Early on in the night, Nord took to a stage with a microphone and a prepared speech that she ditched because she didn't want to cry. She told guests she was grateful for the lessons she had learned from everyone in the room, good or bad. She forgave people who had wronged her and owned her part in conflicts. Nord offered that no one should put their life on pause during times of adversity.
"Behind the scenes," she said, "I do struggle to comprehend what's happening to me."
She received a standing ovation.
Baasch said she knows that Nord doesn't show fear or sadness in public — which sets the tone for her friends.
"For me, it doesn't seem real right now because it hasn't sunk in," she said.

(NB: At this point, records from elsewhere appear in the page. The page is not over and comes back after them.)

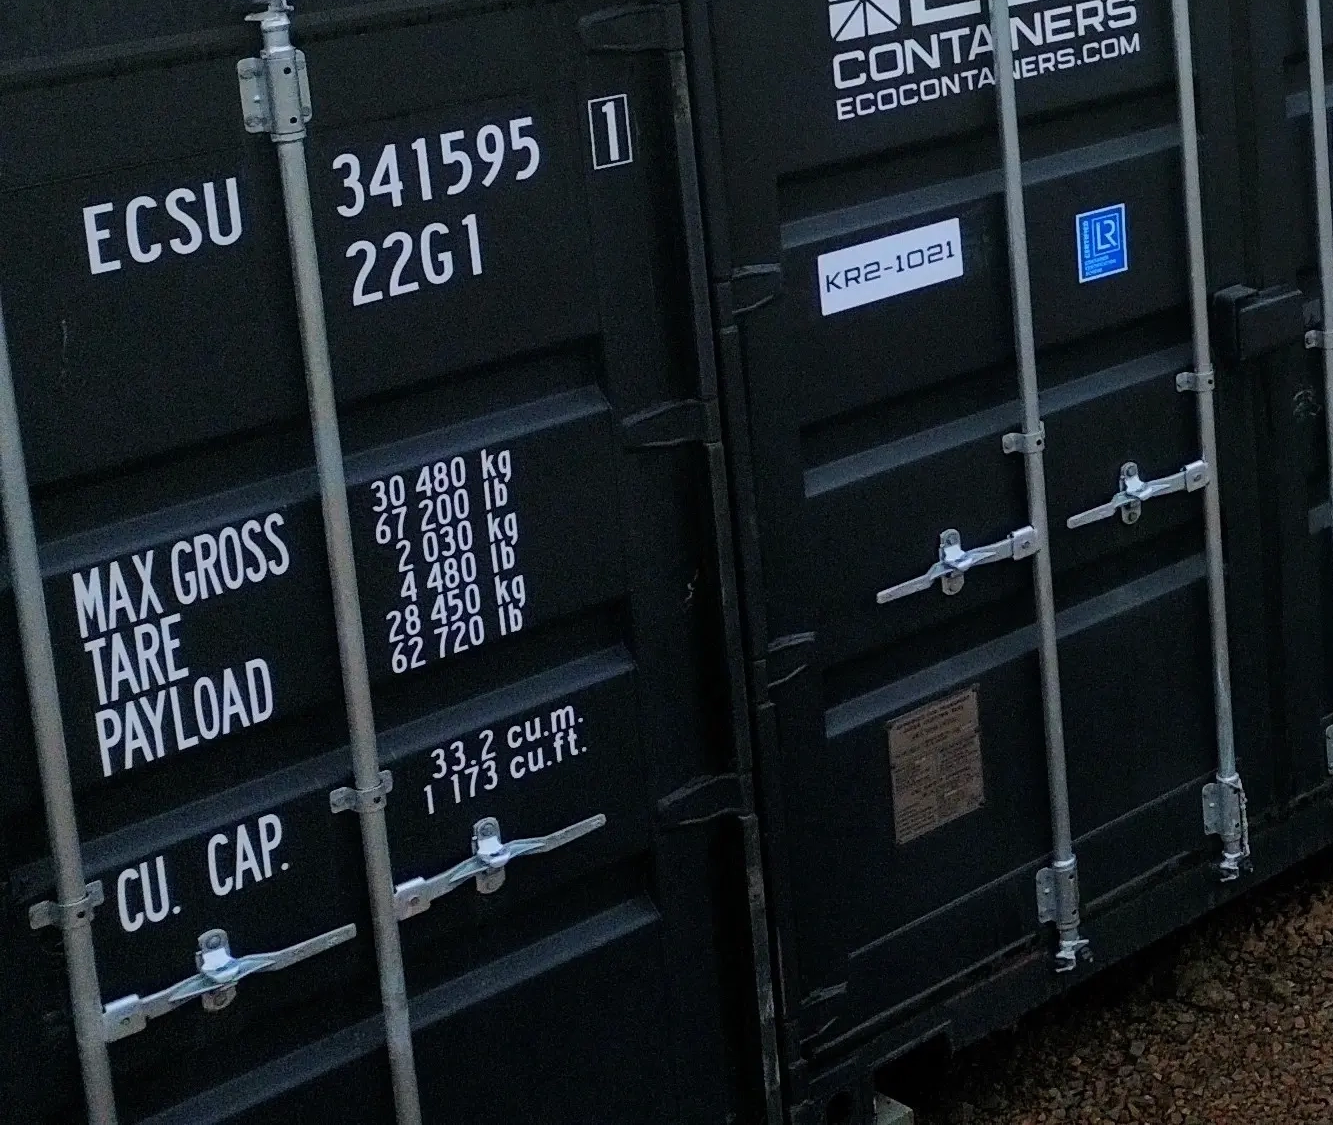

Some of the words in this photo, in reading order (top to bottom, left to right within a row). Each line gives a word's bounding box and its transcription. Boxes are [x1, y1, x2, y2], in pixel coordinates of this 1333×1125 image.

[836, 33, 1140, 120] ECOCONTAERS.COM
[83, 177, 244, 274] ECSU
[332, 116, 539, 218] 341595
[595, 97, 627, 165] 1
[346, 213, 485, 307] 22G1
[825, 241, 954, 292] KR2-1021
[371, 475, 405, 512] 30
[416, 457, 466, 496] 480
[481, 449, 512, 483] kg
[376, 506, 408, 544] 67
[418, 489, 469, 531] 200
[484, 478, 508, 510] lb
[72, 550, 163, 638] MAX
[171, 513, 289, 604] GROSS
[396, 540, 414, 572] 2
[422, 521, 473, 563] 030
[487, 512, 518, 545] kg
[400, 571, 417, 602] 4
[427, 552, 477, 593] 480
[491, 541, 515, 573] lb
[386, 604, 421, 643] 28
[431, 584, 481, 624] 450
[494, 575, 526, 608] kg
[391, 637, 426, 674] 62
[434, 615, 485, 658] 720
[498, 603, 523, 636] lb
[84, 613, 189, 705] TARE
[95, 658, 273, 777] PAYLOAD
[431, 730, 497, 779] 33.2
[507, 705, 584, 749] cu.m.
[424, 784, 435, 815] 1
[451, 760, 498, 804] 173
[510, 728, 587, 779] cu.ft.
[117, 854, 183, 932] CU.
[208, 815, 292, 898] CAP.
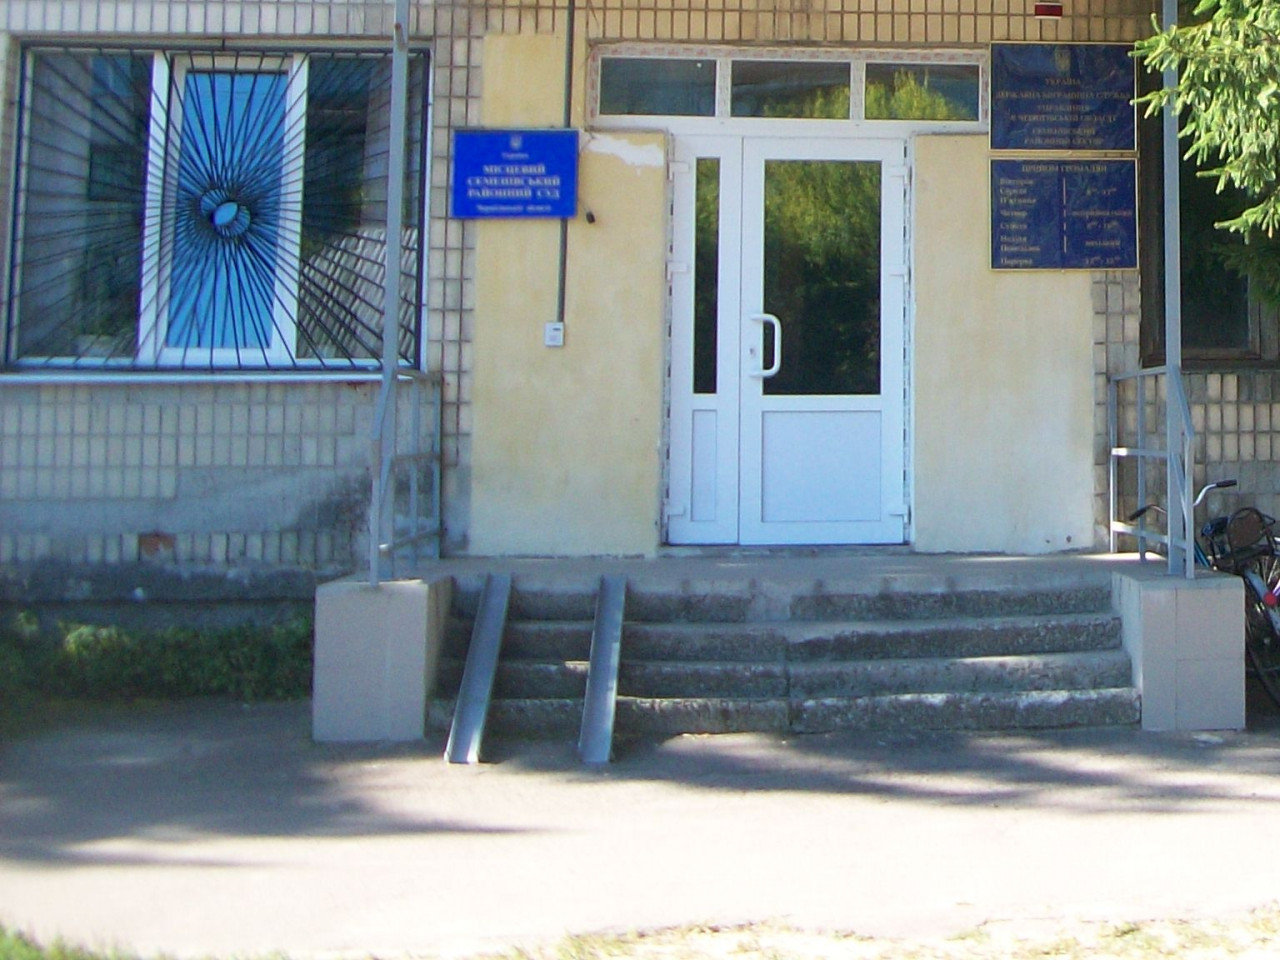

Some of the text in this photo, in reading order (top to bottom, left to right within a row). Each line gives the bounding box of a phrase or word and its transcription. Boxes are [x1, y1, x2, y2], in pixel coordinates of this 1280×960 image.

[483, 162, 546, 174] МІСЦЕВИЙ
[467, 175, 560, 186] СЕМЕНІВСЬКИЙ
[468, 186, 561, 199] РАЙОННИЙ СУД
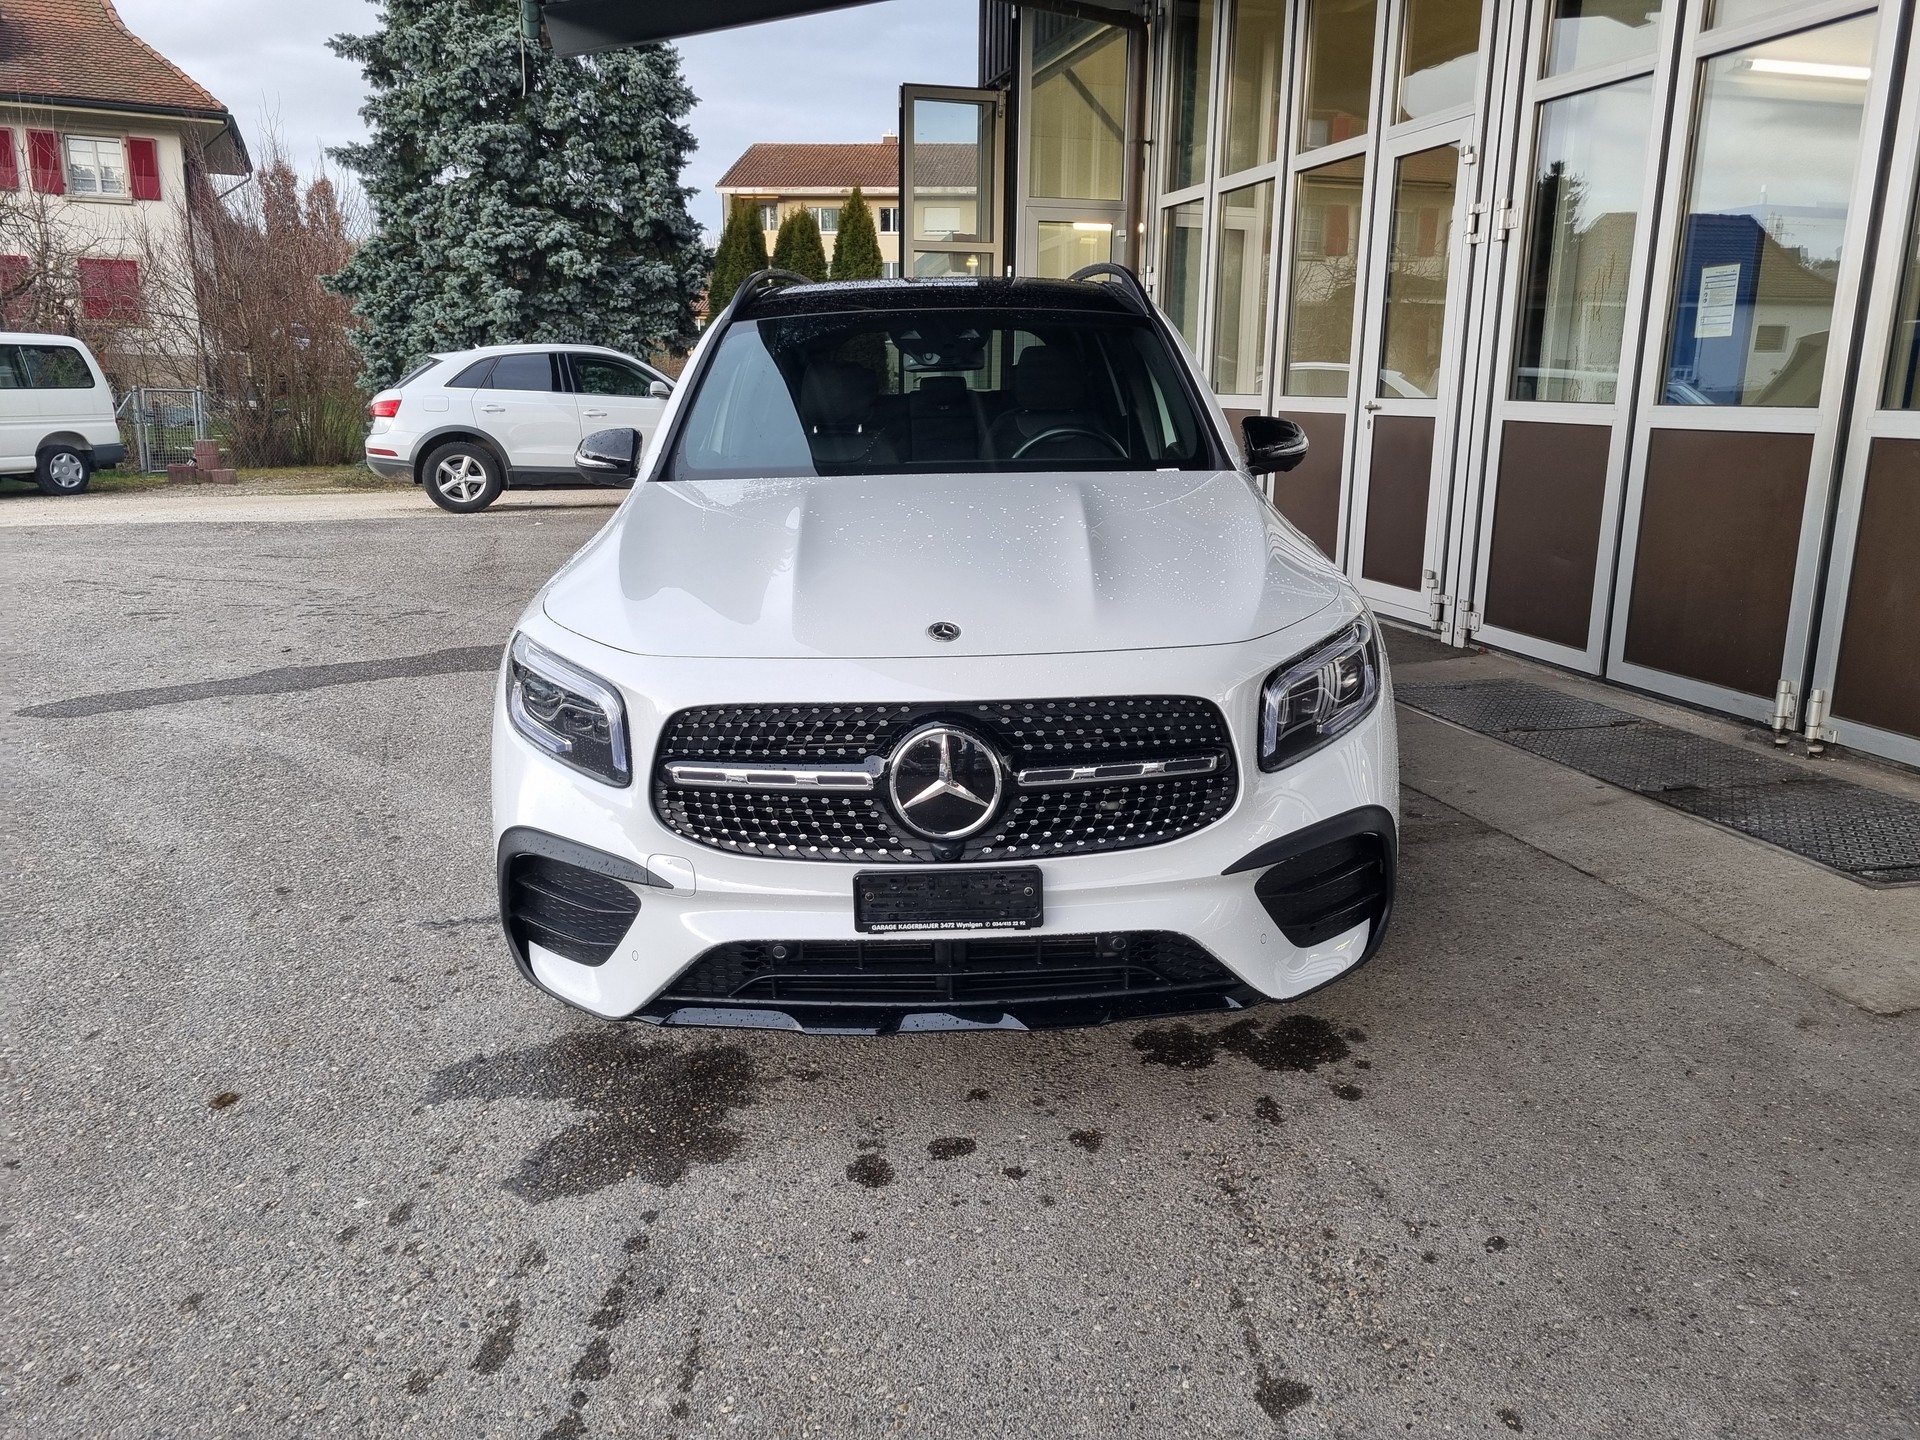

Friend Sonya Skar said Nord hasn't stopped living, so her friend group has decided to live along with her.
"I don't think it's fair to grieve her when she's alive," Skar said.
***
A steady stream of costumed guests flowed in and out all night: Several Woody characters from "Toy Story," inflated frogs and dinosaurs, Scooby Doo, a couple of Elphabas, an iced coffee, Thing 1 and Thing 2, and at least one banana.
Nord wore a short black dress, a long green tie loose around her neck, black-and-white Nike shoes. Her hair and eyebrows were thick with green coloring; her Joker's smile crept beyond the corners of her mouth.
At one point, Nord joined her sister Deon Hendrickson in "Space Between," a song from the Disney movie "Descendants."
"It's about two best friends leaving and going down different paths," Nord said.
"It made everybody cry," Rikelle Hendrickson added.
As the night waned and a handful of volunteers dressed like "Where's Waldo" cleaned tables, Hendrickson said she was thrilled with the event.
"She doesn't want a funeral," her mother said. "She wants another party. So I guess we'll be doing this again."